Prévention et repérage.
Tout aussi préoccupante est l’augmentation des cas signalés de burn out chez les médecins, même si l’on ne peut exclure l’influence, à ce niveau, d’une plus grande vigilance et d’une notification plus fréquente. Une enquête nationale effectuée en 2003 montrait que 14 % des décès de médecins libéraux étaient consécutifs à un suicide, ce pourcentage n’étant que de 6 % dans la population générale. Sans parler de toutes les manifestations psychologiques, les femmes, les psychiatres, les anesthésistes et les généralistes semblant particulièrement exposés.
Bien sûr, ce phénomène est la résultante d’une pression exercée sur les soignants, mais il est tout aussi évident que les stratégies de prévention sont indispensables : il serait donc utile de repérer les fragilités psychologiques chez les étudiants, non pas pour exclure ces personnalités (d’autant que certains font remarquer qu’elles font peut-être les meilleurs médecins), mais pour les aider à affronter les difficultés professionnelles sans dommages. Il faut en tout cas dépister au plus tôt les manifestations de burn out, plusieurs outils pouvant être utilisés, dont le Maslach Burn out Inventory (MBI), qui comprend 22 questions permettant de se tester.

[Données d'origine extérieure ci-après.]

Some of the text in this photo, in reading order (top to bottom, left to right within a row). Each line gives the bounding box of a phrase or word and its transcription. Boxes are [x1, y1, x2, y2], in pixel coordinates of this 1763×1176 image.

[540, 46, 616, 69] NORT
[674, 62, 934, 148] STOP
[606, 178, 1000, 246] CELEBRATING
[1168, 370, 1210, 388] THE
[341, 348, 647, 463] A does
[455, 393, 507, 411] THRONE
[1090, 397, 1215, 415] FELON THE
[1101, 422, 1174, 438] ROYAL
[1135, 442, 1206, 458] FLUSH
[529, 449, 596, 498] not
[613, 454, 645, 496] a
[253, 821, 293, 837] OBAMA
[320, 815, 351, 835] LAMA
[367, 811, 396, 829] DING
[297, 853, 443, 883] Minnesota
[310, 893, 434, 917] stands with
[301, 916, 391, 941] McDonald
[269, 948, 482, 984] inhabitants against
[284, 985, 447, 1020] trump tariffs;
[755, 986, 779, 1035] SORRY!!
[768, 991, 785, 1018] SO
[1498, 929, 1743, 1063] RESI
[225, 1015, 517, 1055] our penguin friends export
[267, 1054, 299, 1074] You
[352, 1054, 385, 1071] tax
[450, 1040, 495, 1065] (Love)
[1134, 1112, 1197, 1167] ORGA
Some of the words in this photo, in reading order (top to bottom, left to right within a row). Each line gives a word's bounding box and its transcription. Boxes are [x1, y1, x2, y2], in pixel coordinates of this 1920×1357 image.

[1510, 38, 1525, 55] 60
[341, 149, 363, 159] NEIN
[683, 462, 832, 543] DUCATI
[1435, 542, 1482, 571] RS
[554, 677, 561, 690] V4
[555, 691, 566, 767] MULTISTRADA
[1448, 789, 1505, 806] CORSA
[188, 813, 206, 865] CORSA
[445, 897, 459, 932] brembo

La profession doit pouvoir répondre à la souffrance des soignants quand elle s’exprime et plusieurs initiatives importantes ont été prises par le conseil national de l’Ordre et la CARMF, notamment. Signalons aussi l’initiative de l’Association d’aide professionnelle aux médecins libéraux, qui permet aux professionnels de santé en difficulté psychologique de joindre de façon anonyme des psychologues, cela 24 heures sur 24 et 7 jours sur 7.
Le modèle catalan.
Le programme de soins mis en place par l’Ordre des médecins de Catalogne et le gouvernement régional est sûrement l’outil le plus abouti dans cette politique de prise en charge des souffrances psychologiques des soignants : outre des programmes préventifs et des publications, cette organisation dispose d’une clinique comportant 22 lits et 15 places d’hôpital de jour permettant d’accueillir des médecins et des infirmières ayant besoin d’une prise en charge psychologique. Les soins prodigués sont gratuits, réalisés en toute confidentialité, faisant l’objet d’un contrat thérapeutique signé entre le thérapeute et le malade. Jusqu’à présent, les 1 800 professionnels ont été pris en charge par la clinique, 84 % des cas ayant fait l’objet d’une demande spontanée du patient, les autres correspondant à des pressions de l’entourage. On voit donc bien qu’il s’agit de répondre à un véritable besoin. D’ailleurs le colloque organisé par le Groupe Pasteur Mutualité et les témoignages recueillis sur le site www.souffrancedusoignant.fr montrent les multiples facettes et la fréquence des souffrances endurées par les différents personnels soignants.